Сразу заработало оповещение — телефон зажужжал и заерзал по всей столешнице, — и мать с каким-то ужасом поглядела на него.
— Нет-нет-нет — я его не хочу! Я не хочу, чтоб он работал! Зачем тебе надо было это делать?
Я взяла его в руку. Я видела неоткрытые электронные письма, десятки и десятки, они заполняли не один экран, оскорбительные даже своими заголовками, все — с одного адреса. Я начала читать их подряд, стараясь противостоять каталогу боли: горести воспитания детей, задолженности по квартплате, стычки с социальными работниками. Самые недавние были и самыми неистовыми: она боялась, что у нее заберут детей.
— Мам, ты в последнее время от Трейси что-нибудь слышала?
— Где Алан Пеннингтон? Я не собираюсь это есть.
— Боже мой, ты же так сейчас болеешь — тебе не следует со всем этим разбираться!
— Не похоже на Алана, чтоб он не зашел и не проверил…
— Мам, ты слышала от Трейси?
— НЕТ! Я же тебе сказала, я в эту дрянь не смотрю!
— И ты с ней не разговаривала?
Она тяжело вздохнула.
— Меня мало кто навещает, дорогая моя. Приходит Мириам. Однажды зашел Лэмберт. Мои соратники по Парламенту не приходят. Вот ты сейчас здесь. Как сказал Алан Пеннингтон: «Поймете, кто ваши друзья». Я главным образом сплю. Мне многое снится. Снится Ямайка, бабушка снится. Я возвращаюсь во времени… — Она закрыла глаза. — Мне твоя подруга снилась, когда я только сюда попала, мне вкатили большую дозу вот этого… — Она подергала за трубку капельницы. — Да, твоя подруга пришла меня повидать. Я спала и проснулась, а она просто стояла у двери, не разговаривала. Потом я опять уснула, и она пропала.

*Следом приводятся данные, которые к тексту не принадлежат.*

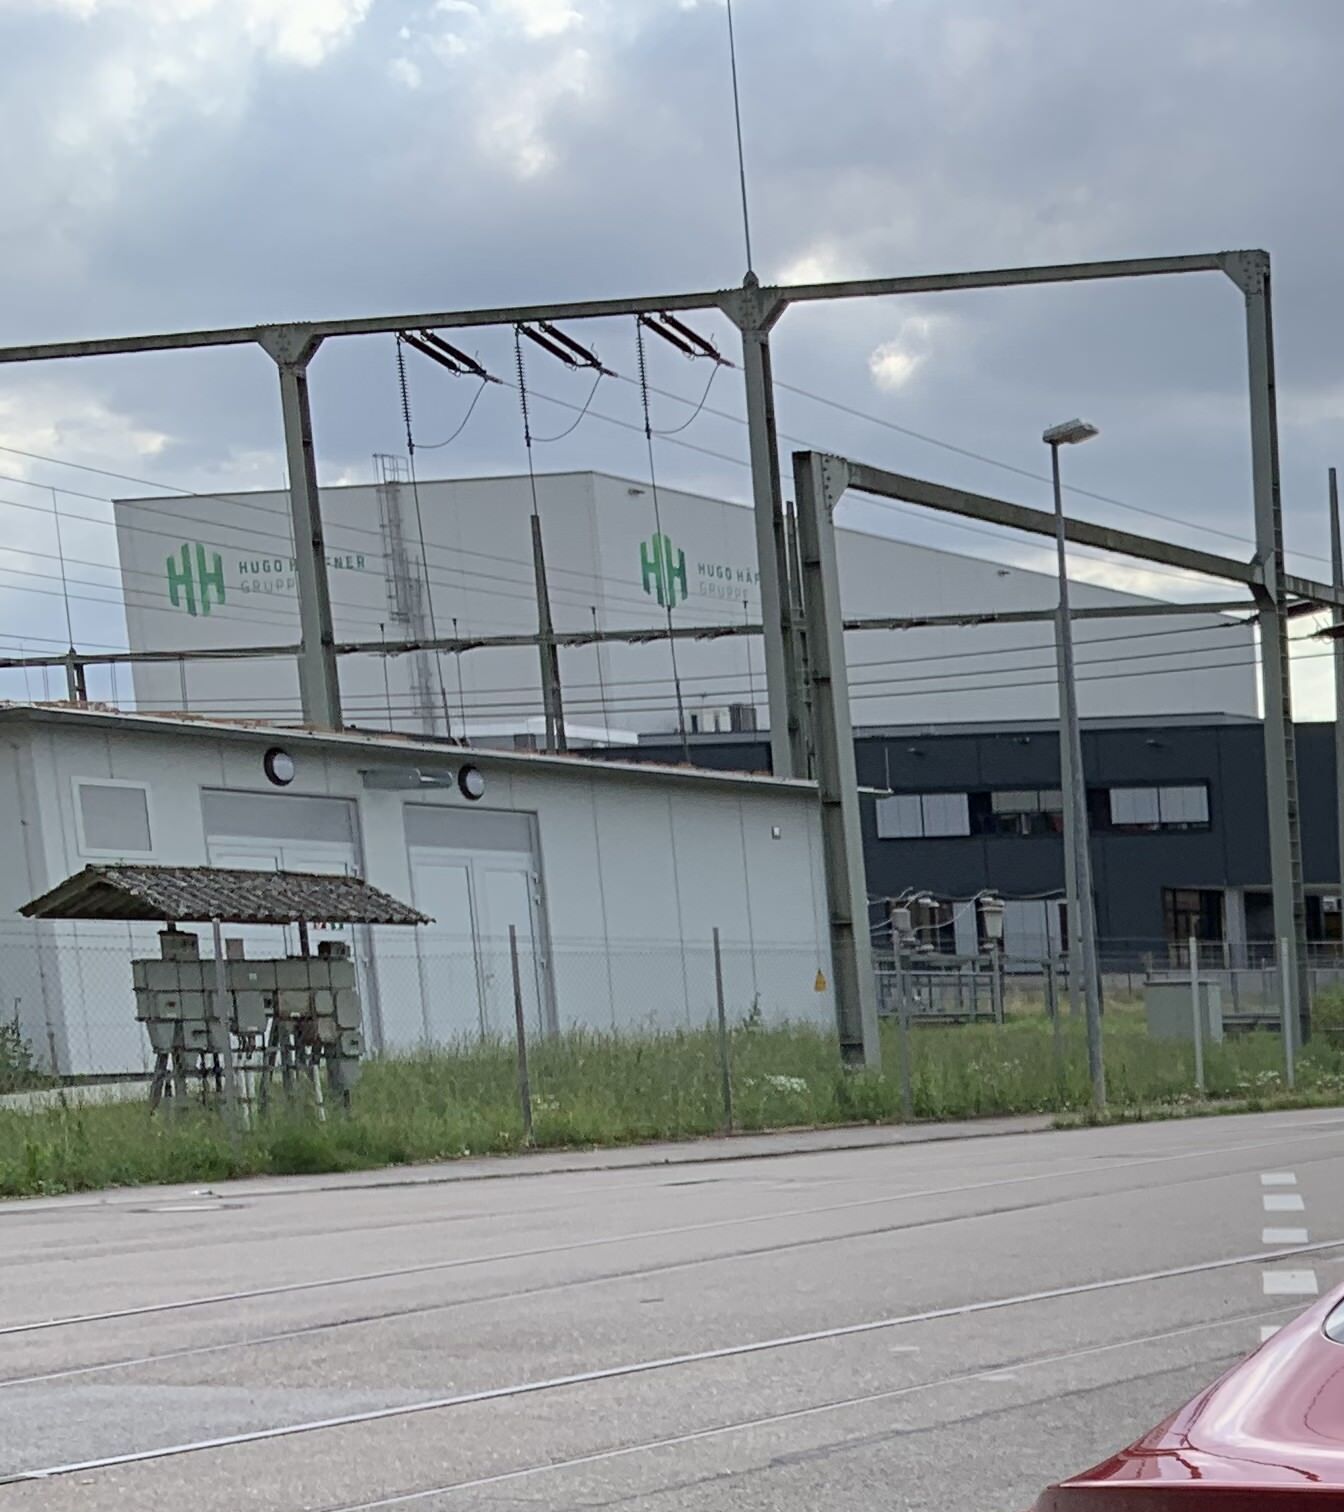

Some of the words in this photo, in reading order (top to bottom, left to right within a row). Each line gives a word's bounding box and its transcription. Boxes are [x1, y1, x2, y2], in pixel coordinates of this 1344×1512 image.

[238, 559, 283, 574] HUGO
[698, 563, 733, 581] HUGO
[240, 578, 296, 594] GRUPP
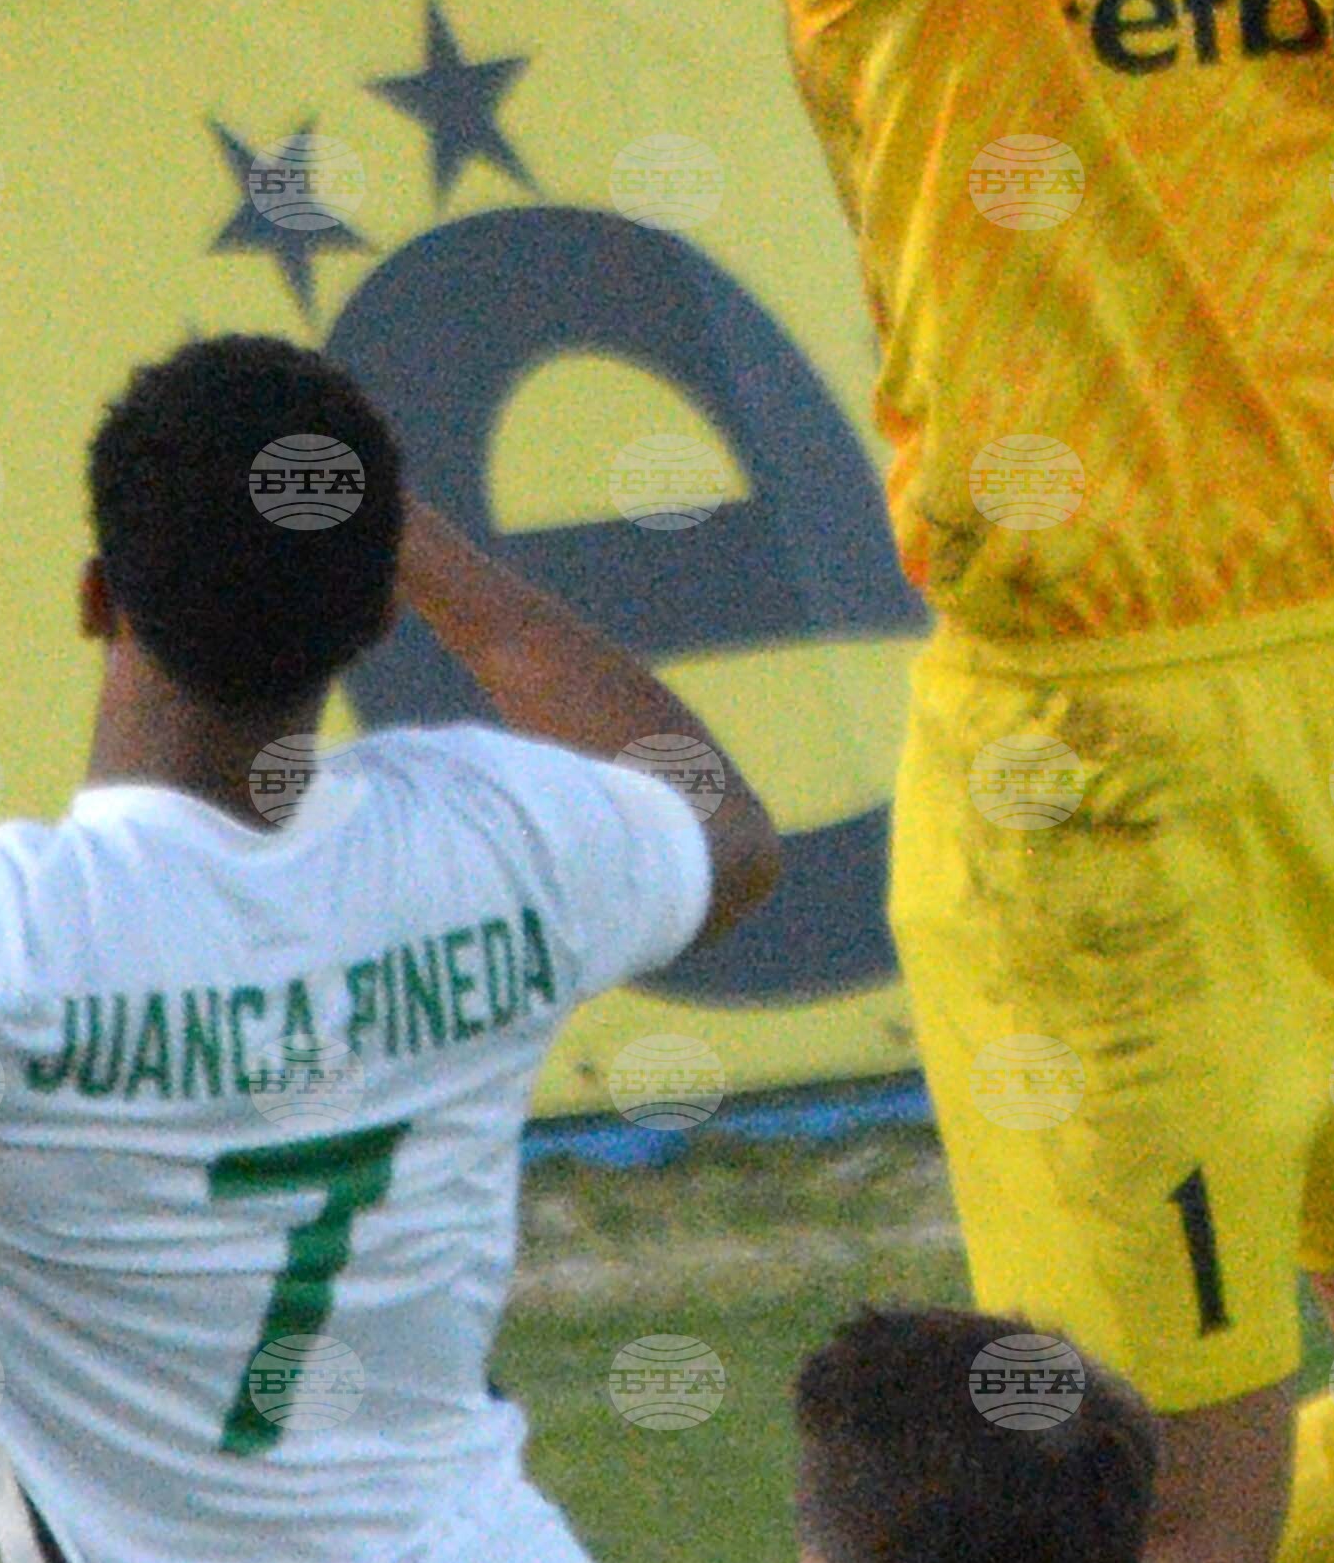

Вернувшись в квартиру, эмоционально ослабнув, с еще сбитыми после перелета биоритмами, я молилась, чтобы Ламина дома не было — и его не оказалось. Когда он не пришел к ужину, я вздохнула с облегчением. Лишь на следующее утро я постучалась к нему, приоткрыла дверь, увидела, что нет ни его, ни его сумки, — и осознала, что он ушел совсем. Позвонив ему, я попала на голосовую почту. Четыре дня я звонила каждые несколько часов, и все было так же. Я настолько сосредоточилась на том, как довести до его сведения, что ему нужно уйти, что у нас с ним нет будущего, — что ни на миг не воображала: все это время он сам замышлял побег от меня.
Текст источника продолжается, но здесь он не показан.